Monday, 12 September 2011
My recent trip to China furnished further evidence, if evidence were needed, of the failure of many NNSs of English to master the part of English intonation that concerns tonicity (focus marking, the location of the nucleus — blog, 15 October 2009).
One of the poster papers at the ICPhS made the tentative claim that the focus in Mandarin Chinese is well marked, with ‘post-focus compression’ of the pitch range identifying it clearly despite all the lexical tone in the utterance; but that in Cantonese Chinese it is not.
This chimes in with the limited experience I have of intonation in Chinese English. Whereas those whose first language is Mandarin seem on the whole to locate the English nucleus correctly, those who are speakers of Cantonese often do not.
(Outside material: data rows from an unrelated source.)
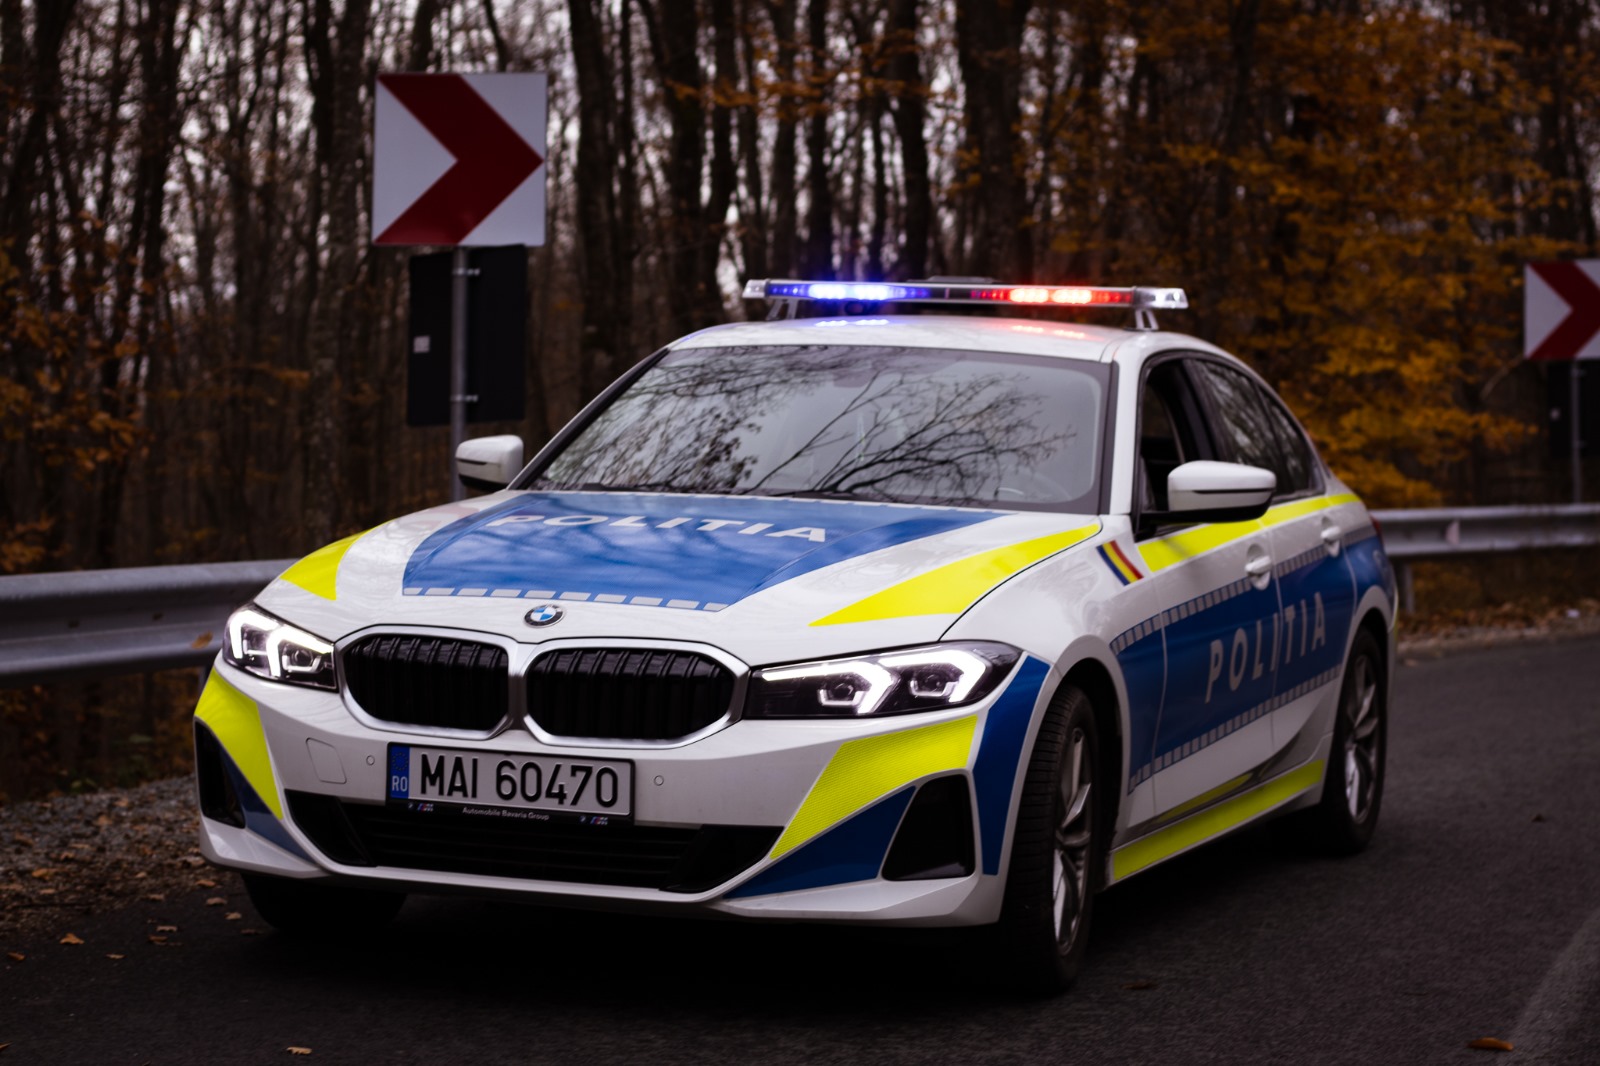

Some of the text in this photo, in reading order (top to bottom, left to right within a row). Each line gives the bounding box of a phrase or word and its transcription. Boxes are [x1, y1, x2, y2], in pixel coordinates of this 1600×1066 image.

[485, 515, 826, 542] POLITIA
[1205, 591, 1326, 704] POLITIA
[392, 775, 408, 792] RO
[421, 753, 618, 808] MAI 60470
[462, 807, 550, 820] Automobile Bavaria Group
In Cantonese-speaking Hong Kong, as you might expect in a former British colony, there are many NNSs whose English is really excellent. But there are also many who struggle to a greater or lesser extent. Our tour guide on the afternoon excursion to the sights of Hong Kong island, whose English was very fluent but not very good, drew our attention to “the Jockey Club on your right-hand side | and a cemetery on your left-hand side”, so violating the rule about avoiding placing the nucleus on a repeated item. (He also pronounced number as ˈlɐmbɐ etc., which was very confusing at first.)
As we all know, it’s not just the southern Chinese who have this problem in English intonation. Our flight home was with Air France. The cabin attendant reciting the pre-takeoff drill reminded us that “the safety instructions are in the seat pocket in front of you”.
Does nobody teach French learners of English that they should not accent pronouns except for contrast? All NSs of English would say “…the seat pocket in front of you”.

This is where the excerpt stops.